▶ _The problem_
The listing below is to be copied exactly, with pictures excluded.
======== The data ========
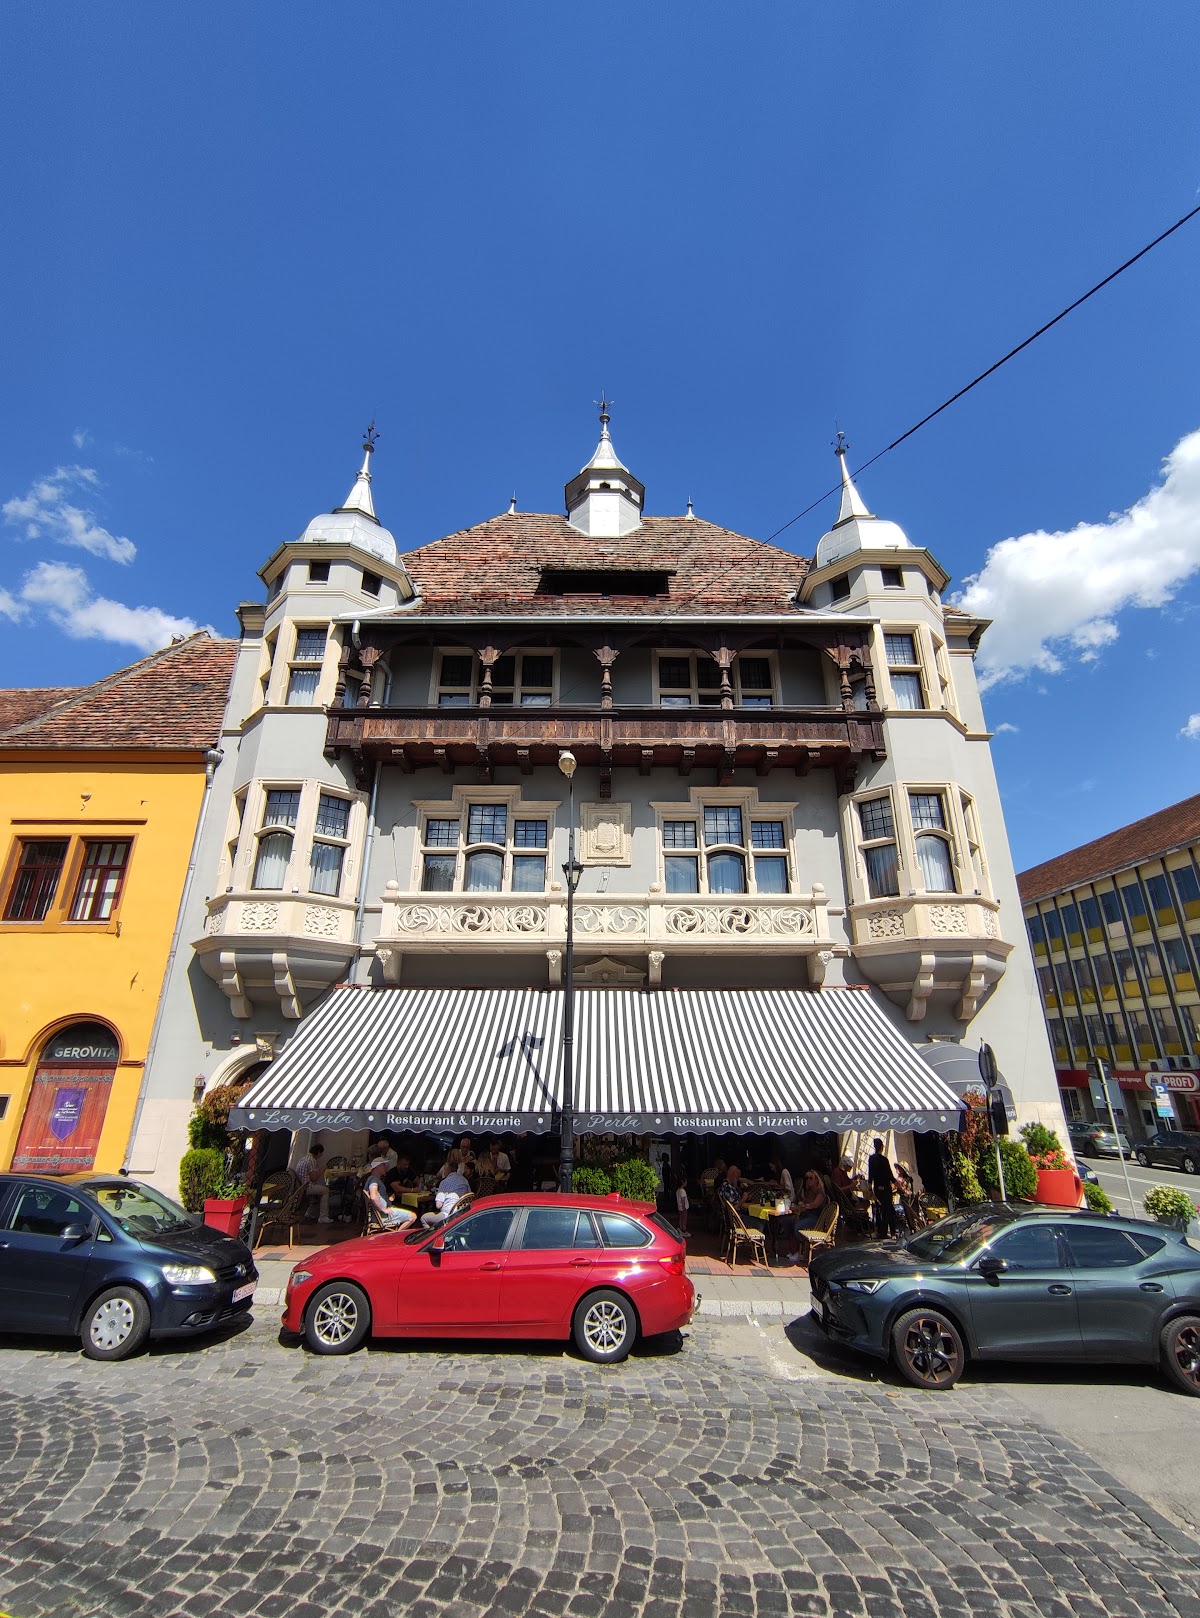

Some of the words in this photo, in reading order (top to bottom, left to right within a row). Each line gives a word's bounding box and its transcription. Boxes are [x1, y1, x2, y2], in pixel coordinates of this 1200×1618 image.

[54, 1046, 117, 1058] GEROVITA
[1164, 1076, 1192, 1088] PROFI
[1155, 1085, 1165, 1097] P
[260, 1110, 293, 1124] La
[299, 1110, 354, 1125] Perla
[386, 1113, 455, 1126] Restaurant
[458, 1114, 468, 1126] &
[471, 1115, 521, 1127] Pizzerie
[587, 1114, 642, 1128] Perla
[673, 1116, 742, 1127] Restaurant
[745, 1116, 755, 1127] &
[758, 1115, 808, 1127] Pizzerie
[836, 1113, 867, 1126] La
[872, 1112, 926, 1127] Perla
========
▶ _Completed exercise_
Some of the words in this photo, in reading order (top to bottom, left to right within a row). Each line gives a word's bounding box and its transcription. Boxes are [x1, y1, x2, y2], in pixel coordinates of this 1200×1618 image.

[54, 1046, 117, 1058] GEROVITA
[1164, 1076, 1192, 1088] PROFI
[1155, 1085, 1165, 1097] P
[260, 1110, 293, 1124] La
[299, 1110, 354, 1125] Perla
[386, 1113, 455, 1126] Restaurant
[458, 1114, 468, 1126] &
[471, 1115, 521, 1127] Pizzerie
[587, 1114, 642, 1128] Perla
[673, 1116, 742, 1127] Restaurant
[745, 1116, 755, 1127] &
[758, 1115, 808, 1127] Pizzerie
[836, 1113, 867, 1126] La
[872, 1112, 926, 1127] Perla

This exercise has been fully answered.